An Other Backward Caste (OBC) middle-class began to emerge from the 1950s after the abolition of zamindari and due to the gains of the Green Revolution. As the stronghold of upper caste landlords weakened, Yadavs, Kurmis and Koeris asserted themselves politically. This was first reflected in caste conflict within the Congress.

As Samuel Huntington predicted, the inability of existing institutions to absorb the rising social mobilisation resulted in political chaos. Between 1967 and 1972, Bihar went through nine different changes in government and three periods of President’s Rule.

The decline of the Congress in 1967 created the space for smaller parties to emerge. This period further witnessed the emergence of the Jayaprakash Narayan (JP) movement.

Most contemporary OBC political leaders, including Lalu Prasad and Nitish Kumar, trace their political career to the JP movement. The first non-Congress government, led by Karpoori Thakur, won in 1977. And, in 1990, the first OBC-majority government led by Prasad assumed power. This election marked an end to upper caste dominance in Bihar.

The RJD’s poor record in governance is no secret. The state’s development expenditure declined in both absolute terms as well as in proportion to its overall budget. As the rest of the country reaped the benefits of economic liberalisation, Bihar’s per capita income declined. But this period proved to be transformational for lower caste empowerment.

For the first time, social justice was explicitly discussed in the state assembly. In fact, about 20% of the policy speeches were devoted to identity-based issues.

Appointment of lower caste officials in positions of power became the key agenda of the government. Based on my primary research, though the higher bureaucracy remained dominated by upper castes, Yadav and Muslim state civil officers were five times more likely to be promoted to the Indian Administrative Service (IAS) under the RJD. More importantly, at the local level, the proportion of OBC and Dalit BDOs and SHOs doubled in this period. In the process though, chain of command and official procedures were broken. Power came to be centralised in the Chief Minister’s Office. To avoid perpetuating upper caste dominance in the bureaucracy, positions remain vacant. State capacity deteriorated as a result.

The next 15 years, under Nitish Kumar, represents yet another distinct phase in the state’s politics. A Brahmin CM would be unimaginable in contemporary Bihar, but upper caste representation in the government increased once again under the BJP-JD(U) alliance. According to the data from the Trivedi Centre for Political Data, the proportion of upper castes in 2020 is even higher than the last election. This has implications for policy.

While State capacity during the RJD tenure was low, spending patterns shifted towards social sectors. Under the JD(U)-BJP alliance, the state witnessed a proportional increase in economic spending, with the most dramatic increases in roads. Absolute spending in social sectors too increased, in large part due to greater availability of resources from the Centre.

While it is difficult to predict the policy agenda of the government in the next five years, past trends strongly suggest two outcomes. One, the presence of BJP at both the Centre and the state will help Bihar fiscally through central transfers. And two, a larger share of these resources is likely to be devoted to economic sectors.

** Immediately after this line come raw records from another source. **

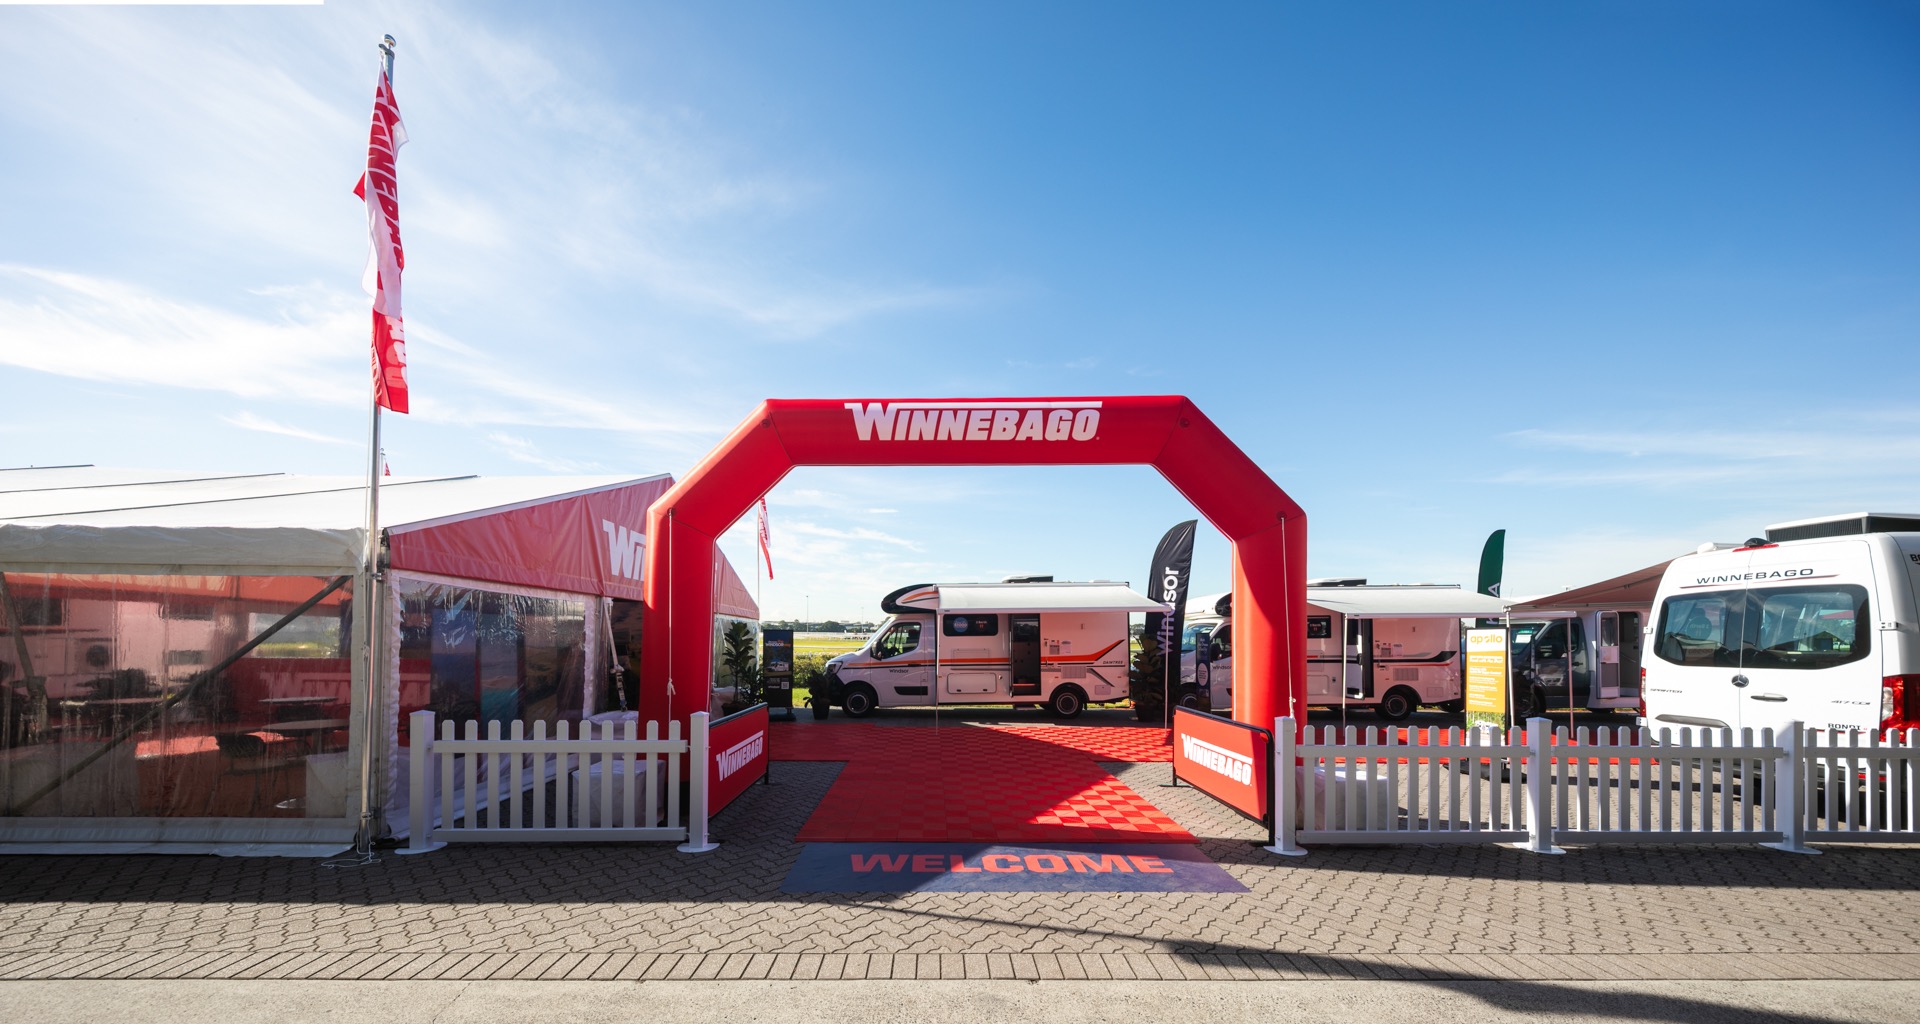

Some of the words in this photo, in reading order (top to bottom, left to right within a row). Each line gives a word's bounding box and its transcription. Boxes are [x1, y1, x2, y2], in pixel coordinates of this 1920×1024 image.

[844, 400, 1102, 441] WINNEBAGO
[1697, 568, 1814, 585] WINNEBAGO
[716, 730, 764, 781] WINNEBAGO
[1181, 733, 1253, 786] WINNEBAGO
[851, 854, 1174, 873] WELCOME
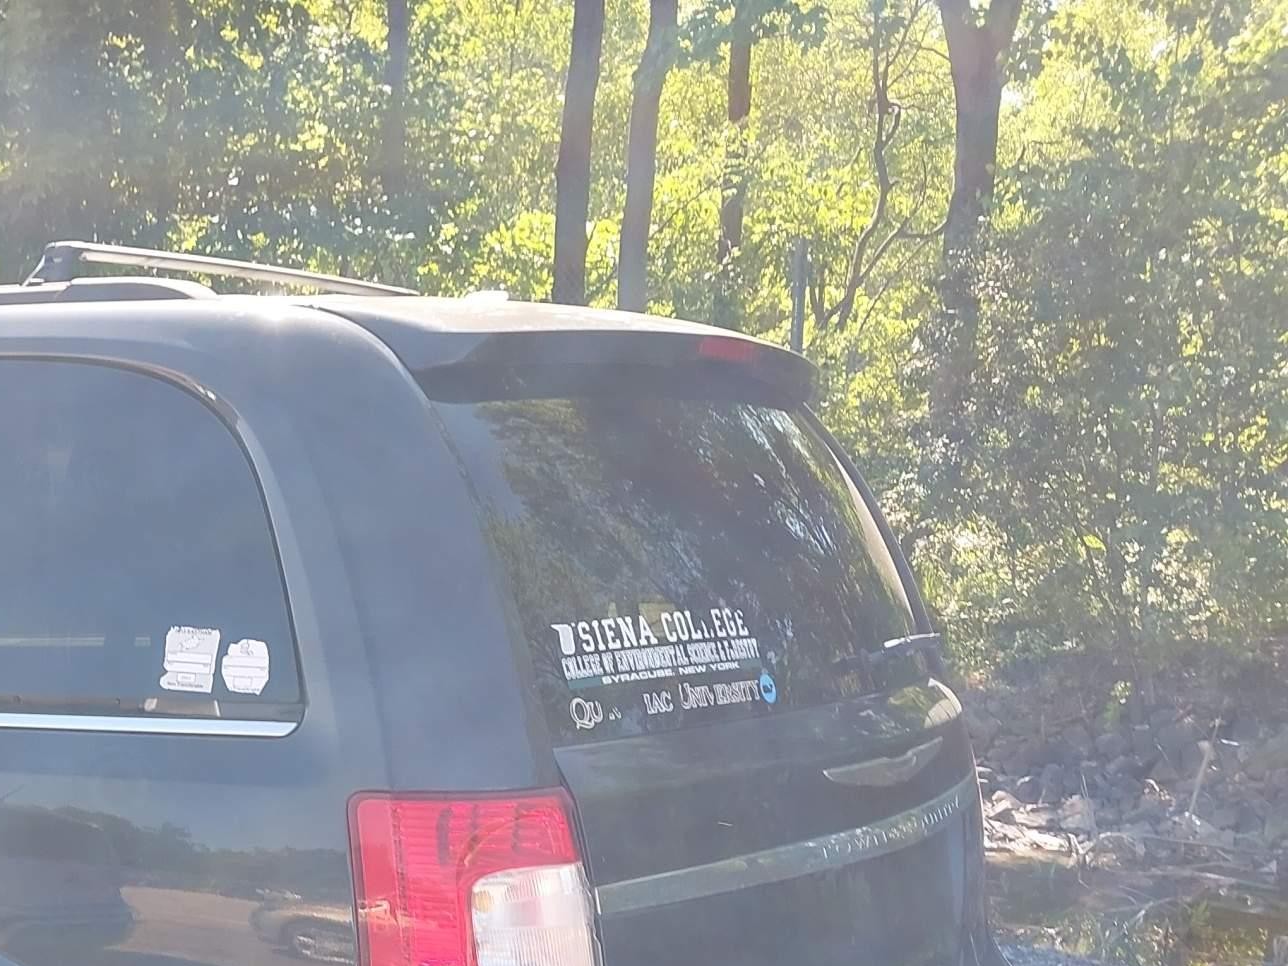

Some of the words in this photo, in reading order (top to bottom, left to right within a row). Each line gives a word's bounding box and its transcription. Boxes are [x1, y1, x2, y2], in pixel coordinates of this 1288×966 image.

[577, 614, 659, 653] SIENA
[561, 653, 605, 681] COLLEGE
[602, 651, 616, 674] OF
[679, 664, 706, 675] NEW
[710, 661, 740, 671] YORK
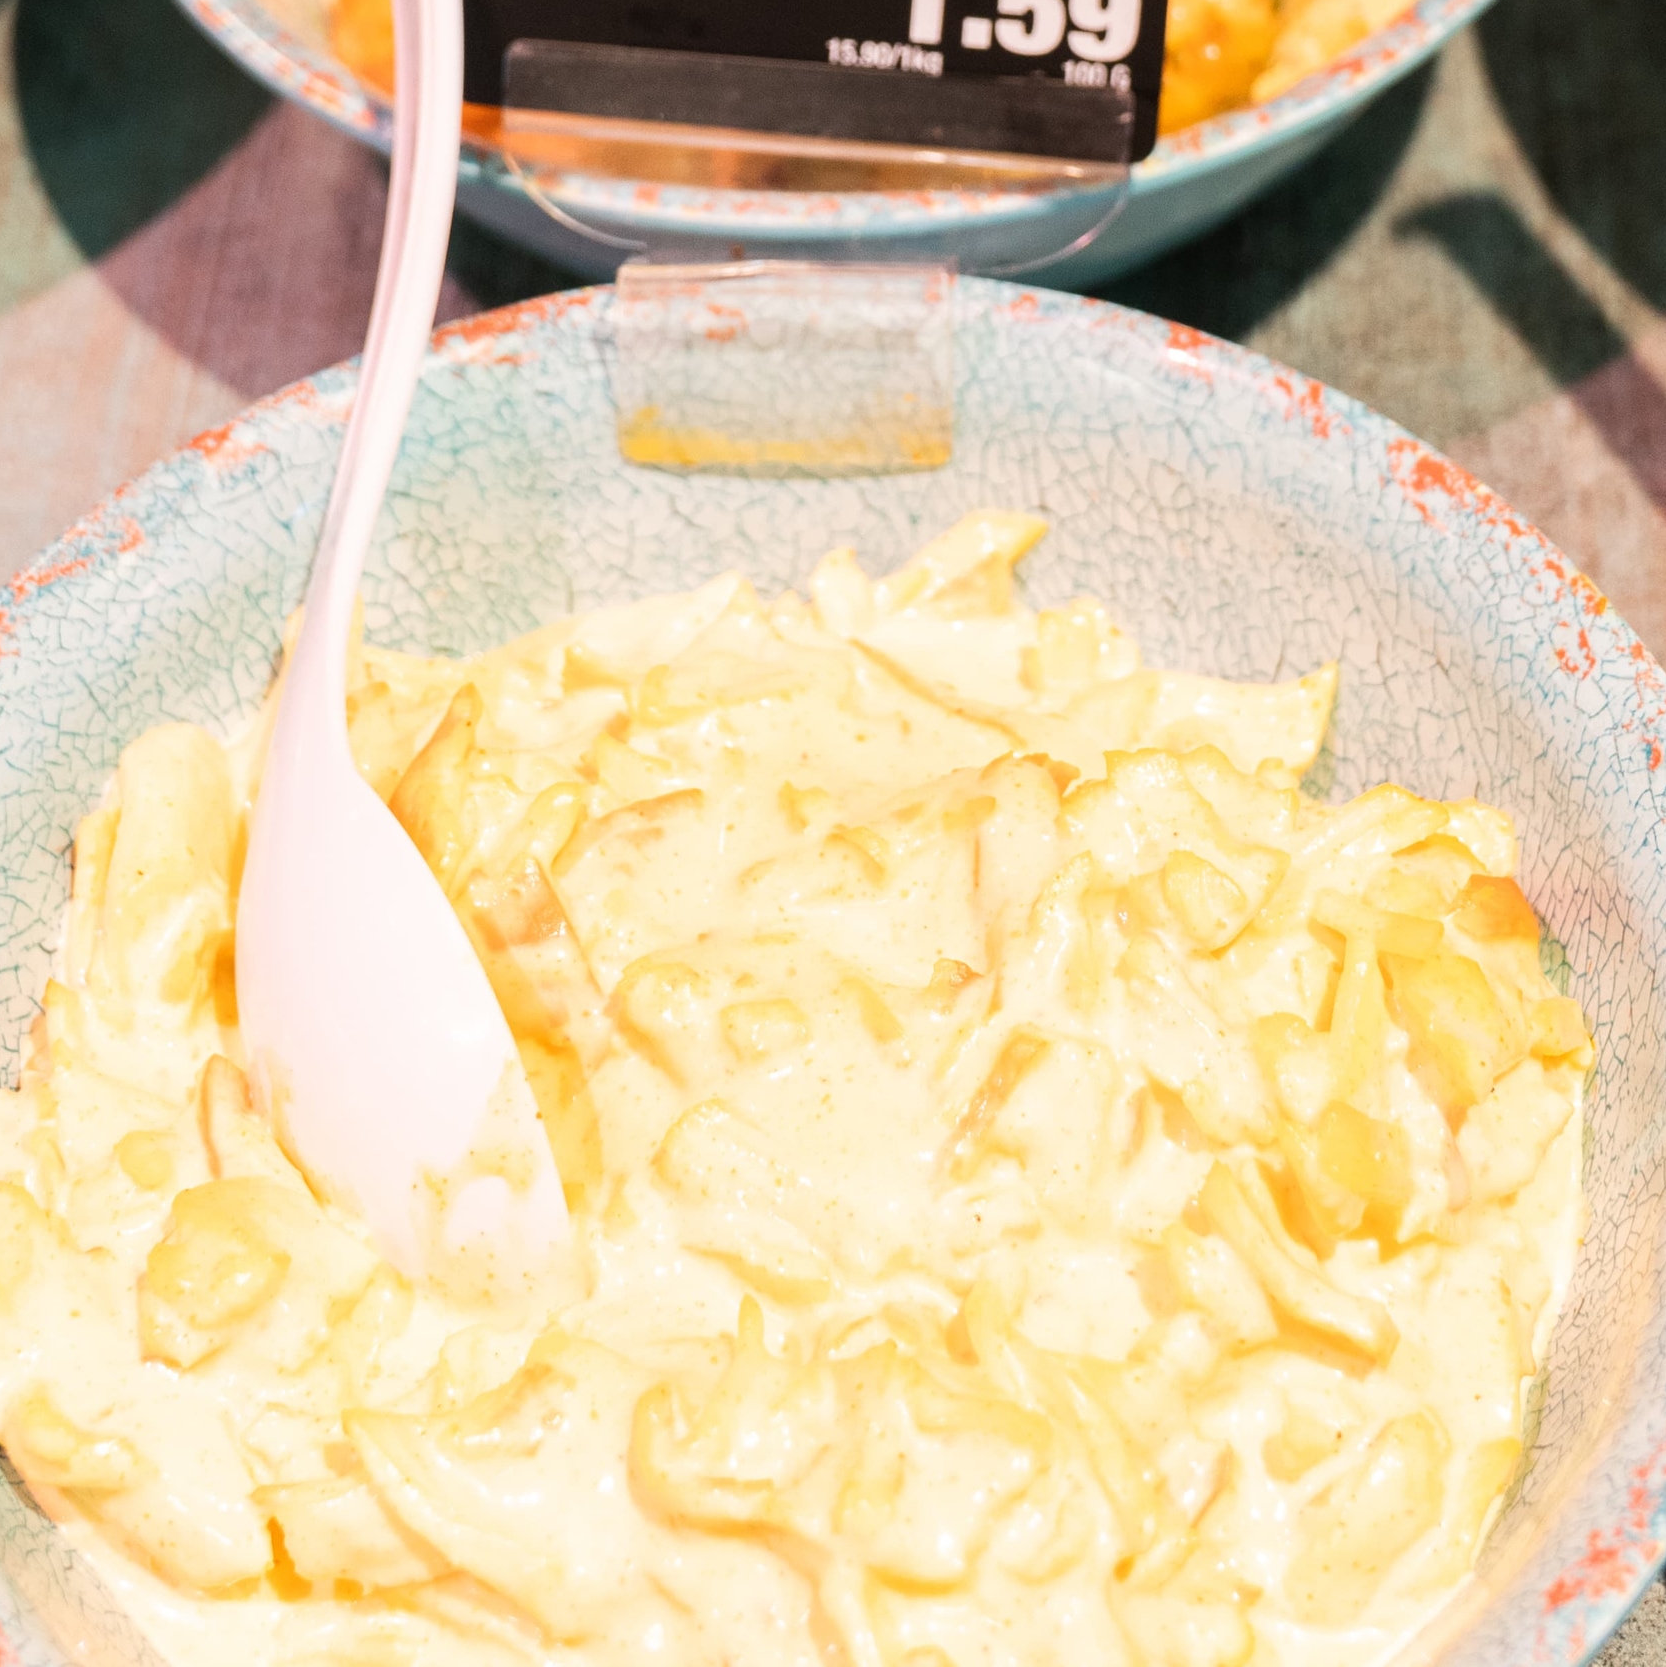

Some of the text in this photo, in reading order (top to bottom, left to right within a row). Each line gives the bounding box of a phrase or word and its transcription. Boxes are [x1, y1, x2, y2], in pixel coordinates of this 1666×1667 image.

[826, 36, 944, 77] 15.90/1kg
[1062, 59, 1132, 95] 100 G

Research suggests that greater representation of upper castes leads to sharper focus on growth-oriented, rather than redistributive policies, even after we account for other factors such as political ideology, participation, income, and State capacity.

In short, caste and caste-based representation matter in not just understanding the outcome of elections, but also matter for policy. Who is in power in the state has a bearing on what the state does.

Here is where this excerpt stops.